## Data to examine:

....

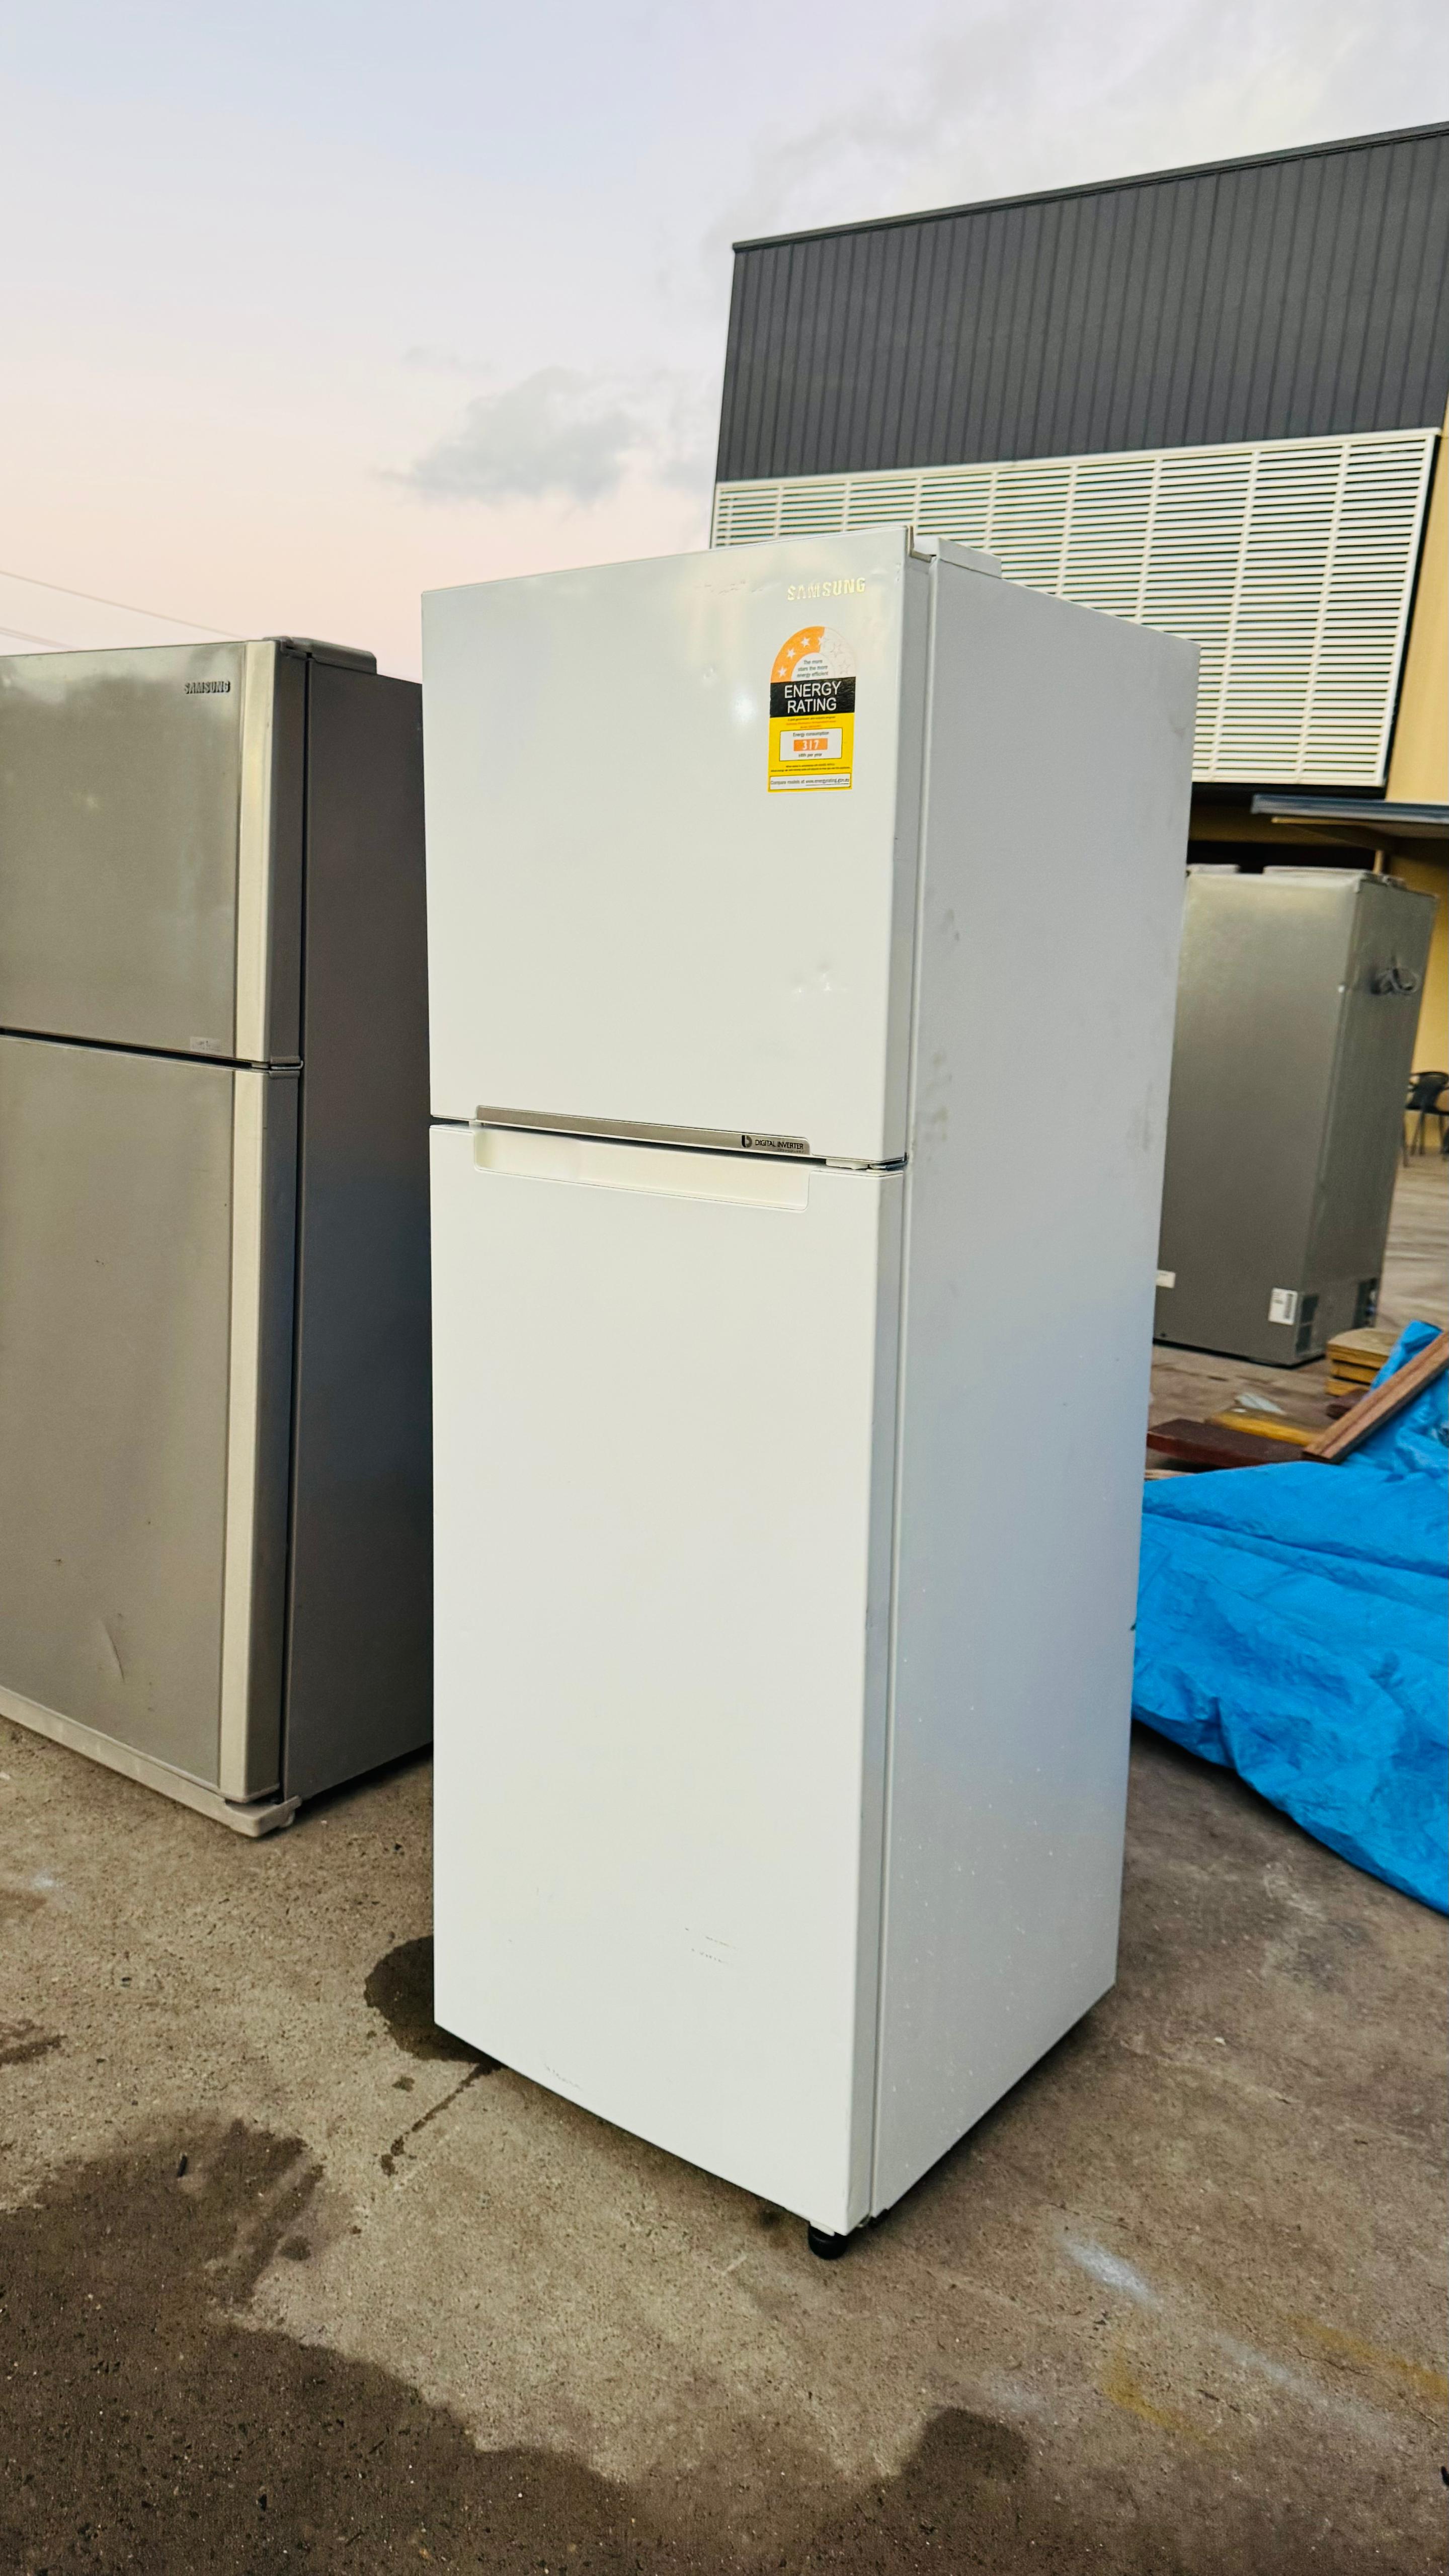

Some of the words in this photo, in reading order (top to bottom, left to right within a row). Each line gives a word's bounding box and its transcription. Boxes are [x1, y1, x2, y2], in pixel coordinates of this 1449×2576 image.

[787, 578, 865, 601] SAMSUNG
[185, 681, 230, 694] SAMSUNG
[784, 681, 842, 698] ENERGY
[787, 697, 837, 713] RATING
[802, 740, 820, 750] 317
[777, 1141, 803, 1149] INVERTER

....

## Exercise goal:
With the pictures removed, return the listing above in its exact original wording.

## Answer section:
Some of the words in this photo, in reading order (top to bottom, left to right within a row). Each line gives a word's bounding box and its transcription. Boxes are [x1, y1, x2, y2], in pixel coordinates of this 1449×2576 image.

[787, 578, 865, 601] SAMSUNG
[185, 681, 230, 694] SAMSUNG
[784, 681, 842, 698] ENERGY
[787, 697, 837, 713] RATING
[802, 740, 820, 750] 317
[777, 1141, 803, 1149] INVERTER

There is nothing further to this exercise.